O cavalleiro não pôde dizer mais palavra.
"Inigo!--proseguiu ella--falta um anno para cumprir-se o captiveiro
do nobre senhor de Biscaia. Um anno passa depressa: mais depressa
eu t'o farei passar. Vês tu aquelle valente onagro? Quando uma
noite acordando o achares ao pé de ti, manso como um cordeiro,
cavalga nelle sem susto, que te levará a Toledo, onde livrarás
teu pae.--E bradando accrescentou:--Estás por isto, Pardalo?"
O onagro fitou as orelhas, e em signal de approvação começou a
azurrar; começou por onde ás vezes academias acabam.[2]
Depois a dama poz-se a cantar uma cantiga de bruxas, acompanhando-se
de um psalterio, de que tirava mui estranhas toadas:
Pelo cabo da vassoura,
Pela corda da polé,
Pela vibora que vê,
Pela Sura e pela Toura.
Pela vara do condão,
Pelo panno da peneira,
Pela velha feiticeira,
Do finado pela mão,
Pelo bode rei da festa,
Pelo capo inteiriçado,
Pelo infante dessangrado
Que a bruxa chupou á sésta;
Pelo craneo alvo e lustroso
Em que sangue se libou,
E do irmão, que irmão matou,
Pelo arranco doloroso;
Pelo nome de mysterio
Que em palavras se não diz
Vinde já precitos vis;
Vinde ouvir o meu psalterio!
E dançae-me aqui na terra
Uma dança doudejante,
Que entonteça n'um instante
O meu filho Inigo Guerra.
Que elle durma um anno inteiro,
Como em somno de uma hora,
Juncto á fonte que alli chora,
Sobre a relva deste outeiro.
Emquanto a dama cantava estas cantigas, o mancebo sentia um
quebramento nos membros que crescia cada vez mais, e que o obrigou
a assentar-se.
E logo, logo, ouviu-se um ruido abafado como de trovões e de
ventanias engolfando-se em covoadas: depois o céu começou de
toldar-se, e cada vez era mais cris, até que, emfim, apenas uma
luz de crepusculo o allumiava.
E a mansa almacega refervia, e os penedos rachavam, e as arvores
torciam-se, e os ares sibilavam.
E das bolhas da agua da fonte, e das fendas dos rochedos, e d'entre
as ramas dos robles, e da vastidão do ar via-se descer, subir,
romper, saltar ... o quê?--Cousa muito espantavel.
Eram mil e mil braços sem corpos, negros como carvão, tendo nos
cotos uma aza, e na mão cada um uma especie de facho.
Como a palha que o tufão levanta na eira, aquella multidão de
candeias cruzava-se, revolvia-se, unia-se, separava-se, remoinhava,
mas sempre com certa cadencia, como que dançando a compasso.

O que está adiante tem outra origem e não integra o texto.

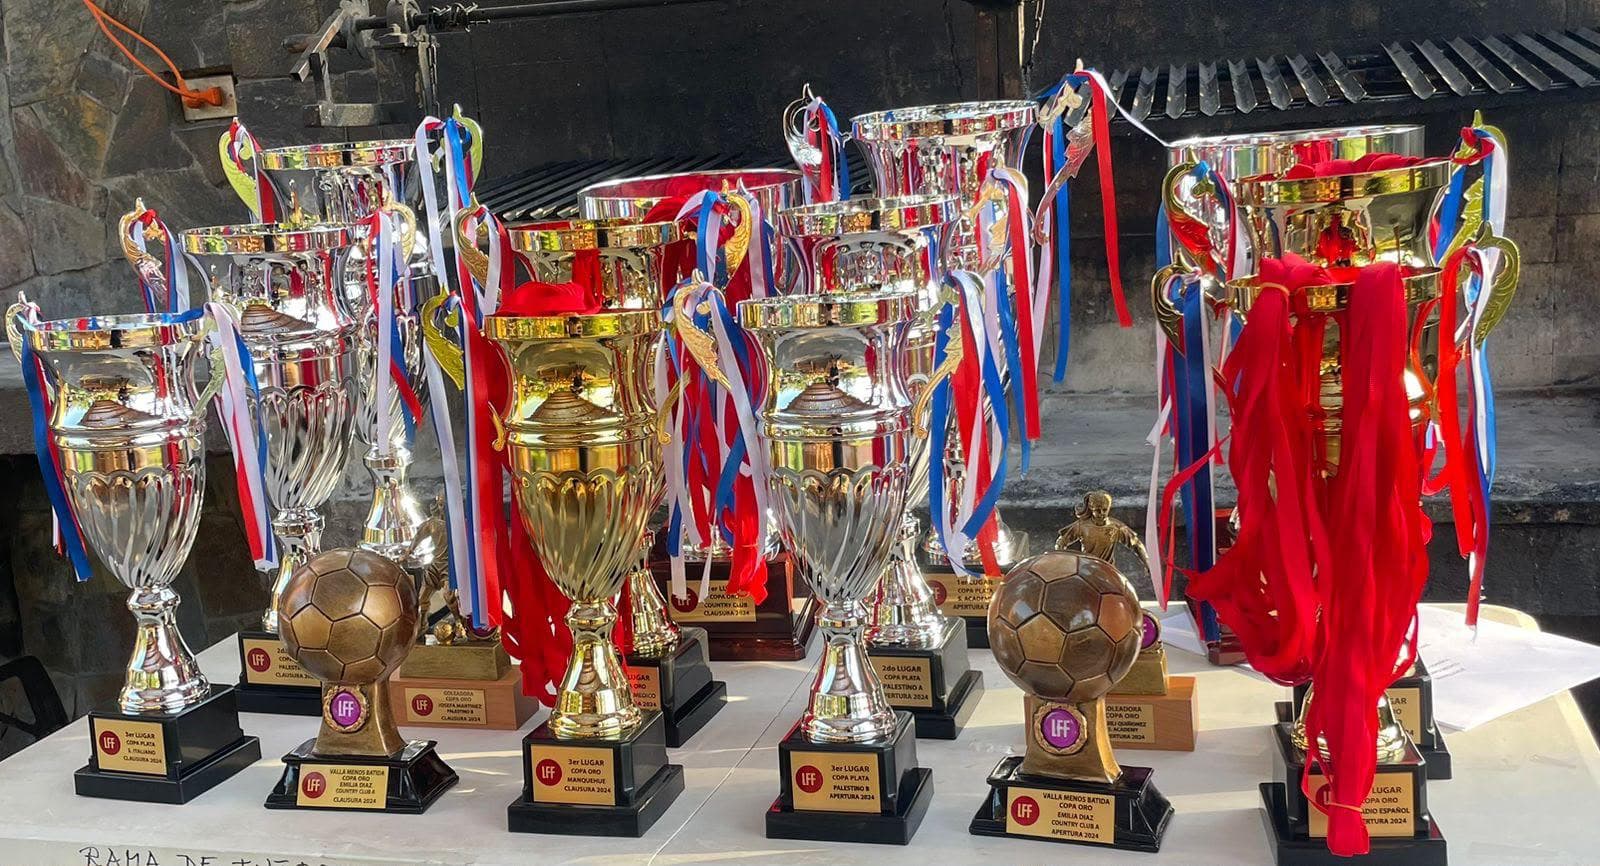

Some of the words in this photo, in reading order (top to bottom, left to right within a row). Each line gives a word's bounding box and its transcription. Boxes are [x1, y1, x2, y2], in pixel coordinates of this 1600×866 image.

A D. Inigo andava a cabeça á roda: as luzes pareciam-lhe azues,
verdes, e vermelhas, mas corria-lhe pelos membros uma languidez
tão suave, que não teve animo para fazer o signal da cruz, e
afugentar aquelle bando de Satanazes.
E sentia-se esvaecer, e pouco a pouco adormecia, e d'alli a pouco
roncava.
Entretanto no castello tinham dado pela sua falta. Esperaram-no
até a noite; esperaram-no uma semana, um mez, um anno, e não o
viam voltar. O pobre Brearte correu por muito tempo a serra;
mas o sitio em que o cavalleiro jazia, isso é que não havia lá
chegar.

3
Inigo acordou alta noite: tinha dormido algumas horas; ao menos
elle assim o cria. Olhou para o céu, viu estrellas: apalpou ao
redor, achou terra: escutou, ouviu ramalhar as arvores.

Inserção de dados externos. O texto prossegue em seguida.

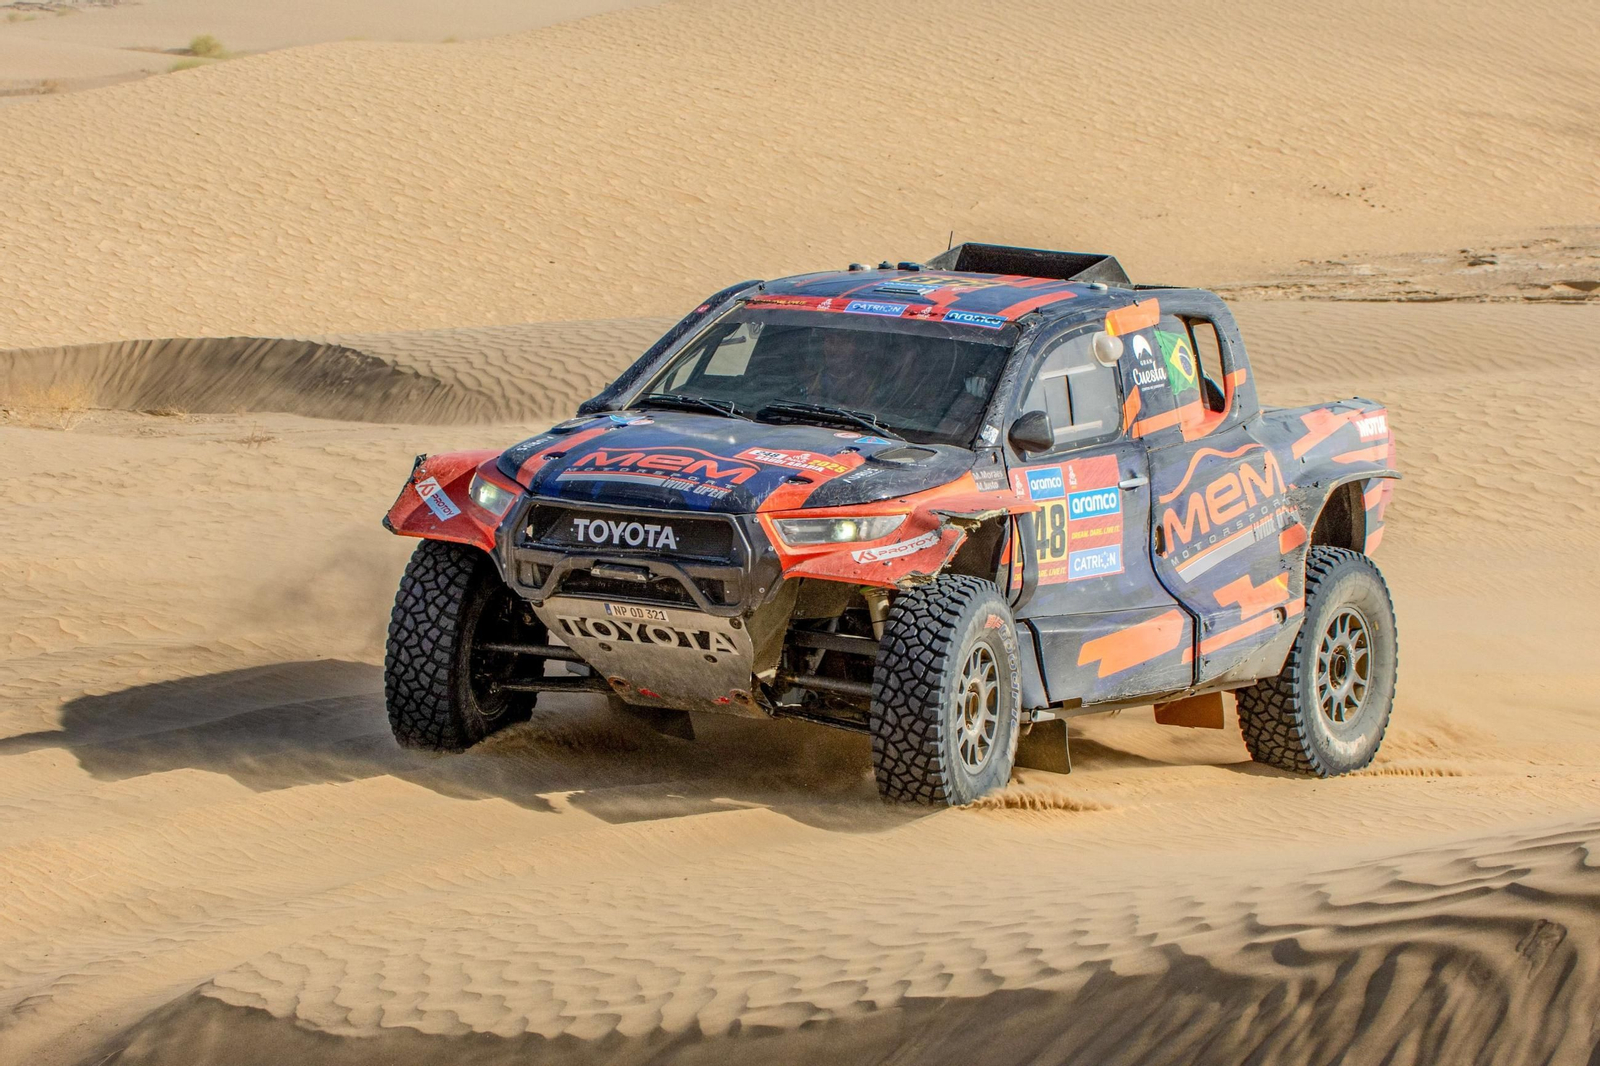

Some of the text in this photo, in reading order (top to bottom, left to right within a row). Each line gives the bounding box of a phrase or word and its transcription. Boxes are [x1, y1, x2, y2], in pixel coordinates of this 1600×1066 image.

[852, 303, 901, 314] CATRION
[1132, 360, 1167, 386] Cuesta
[755, 456, 824, 472] SAUDI ARABIA
[807, 459, 848, 473] 2025
[565, 467, 738, 489] MOTORSPORT
[1030, 476, 1062, 491] aramco
[692, 485, 731, 500] OPEN
[430, 493, 455, 517] PROTOY
[1072, 492, 1117, 515] aramco
[573, 518, 677, 550] TOYOTA
[878, 535, 934, 557] PROTOY
[1074, 551, 1117, 571] CATRION
[613, 604, 667, 621] NP OD 321
[556, 614, 739, 656] TOYOTA

Pouco a pouco é que se foi recordando do que passára com sua
malaventurada mãe; porque a principio não se lembrava de nada.
Pareceu-lhe então ouvir respirar ali perto: affirmou a vista:
era o onagro Pardalo.
"Já agora meio enfeitiçado estou eu--pensou elle:--corramos o
resto da aventura, a vêr se posso salvar meu pae."

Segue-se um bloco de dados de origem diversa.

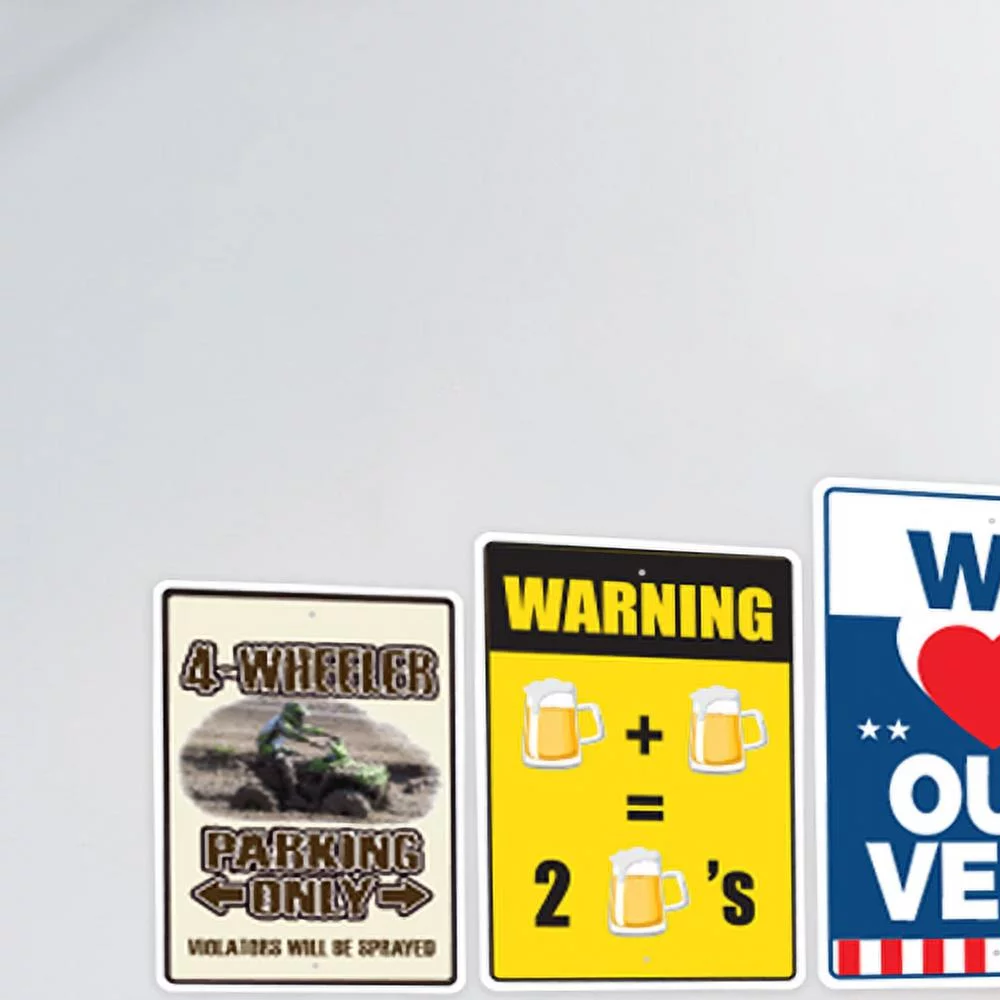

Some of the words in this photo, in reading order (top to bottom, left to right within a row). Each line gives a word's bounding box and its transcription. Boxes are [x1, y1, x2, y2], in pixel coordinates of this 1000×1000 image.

E pondo-se em pé encaminhou-se para o valente animal, que já
estava enfreado e sellado: cujos eram os arreios, isso sabia-o
o diabo.
Hesitou, todavia, um momento: tinha seus escrupulos--a boas horas
vinham elles--de cavalgar naquelle corredor infernal.
Então ouviu nos ares uma voz vibrada, que cantava mui entoado:
era a voz da terrivel Dama Pé-de-Cabra:
Cavalga, meu cavalleiro,
No alentado corredor;
Vae salvar o bom senhor;
Vae quebrar seu captiveiro.
Pardalo, não comerás
Nem cevada nem aveia,
Não terás jantar nem ceia,
Rijo e leve voltarás.
Nem açoute nem espora
Requer elle, oh cavalleiro!
Corre, corre bem ligeiro,
Noite e dia a toda a hora.
Freio ou sella não lhe tires,
Não lhe fales, não o ferres,
Na carreira não te aterres,
Para traz nunca te vires.
Upa! firme!--ávante, ávante!
Breve, breve, a bom correr!
Um minuto não perder,
Bem que o gallo ainda não cante.
"Vá!--gritou Inigo Guerra com uma especie de phrenesi, que nelle
produzíra aquelle cantar estranho; e d'um pulo cavalgou no quedo
onagro.
Mas apenas se firmou na sella, pst!--ei-lo que parte!

4
Postoque em paz com os christãos, os mouros de Toledo tem pelas
torres, cubelos e adarves seus atalaias e vigias, e nos montes
que dizem para a fronteira de Leão seus fachos e almenaras.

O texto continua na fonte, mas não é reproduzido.